El resultado del embarazo es, salvo alguna circunstancia espontánea o la terminación voluntaria de la vida del nasciturus, el nacimiento con vida de una persona humana.

 

  1. Algunas conclusiones

Detrás de la calificación del aborto como una práctica “segura” se esconde no sólo una contradicción insalvable con la eliminación de una persona por nacer, consecuencia directa de aquella, sin que además supone una desnaturalización de una obligación típicamente de resultado. Si el aborto se ofrece como “seguro”, ¿cómo podrían preverse riesgos para la madre en un CI?

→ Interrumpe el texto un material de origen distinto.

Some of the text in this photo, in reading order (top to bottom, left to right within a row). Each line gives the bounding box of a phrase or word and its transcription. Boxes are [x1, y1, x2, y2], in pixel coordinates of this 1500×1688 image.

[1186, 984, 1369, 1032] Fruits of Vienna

Advertimos que la información que legalmente debería exigirse para el CI propuesto en el artículo 4° del proyecto, es negada sistemáticamente por los promotores de la norma, a saber:

  • El estatus biológico de la persona por nacer;
  • Las consecuencias de la realización del aborto para el niño gestado;
  • Las consecuencias de la realización del aborto para la mujer gestante;
  • Las alternativas reales para el tratamiento de situaciones extremas de peligro para la salud o la vida de la madre;
  • Las alternativas para encausar una maternidad no procurada;

Es dable señalar que, independientemente de lo expuesto, que la práctica sea consentida no la torna per se lícita, por cuanto no puede consentirse en sentido contrario a la ley y/o a institutos de orden público.

Limitar el proceso de obtención del CI mediante la imposibilidad de plantear alternativas que desaconsejen el aborto o que cuestione la validez de las causales previstas, supone una clara limitación en el ejercicio de la medicina.

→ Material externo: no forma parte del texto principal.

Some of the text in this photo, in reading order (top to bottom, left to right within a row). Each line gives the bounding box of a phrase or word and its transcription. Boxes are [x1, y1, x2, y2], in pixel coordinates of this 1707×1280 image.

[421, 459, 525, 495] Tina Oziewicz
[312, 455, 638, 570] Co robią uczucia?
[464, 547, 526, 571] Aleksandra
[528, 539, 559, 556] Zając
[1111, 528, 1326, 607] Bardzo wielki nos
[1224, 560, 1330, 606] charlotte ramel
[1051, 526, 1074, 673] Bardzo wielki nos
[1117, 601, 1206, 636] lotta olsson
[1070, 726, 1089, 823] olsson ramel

Lo expuesto pone de manifiesto otra debilidad más de los proyectos de liberalización del aborto en discusión. Entendemos que sería más provechoso para la población el dictado de normas conducentes para la atenuación de las causas de inequidad y la protección de las personas en situación de vulnerabilidad, en vez de centrar la energía legislativa y de políticas públicas en planteos que parecen motivados en dogmas ideológicos alejados de las necesidades de la gente.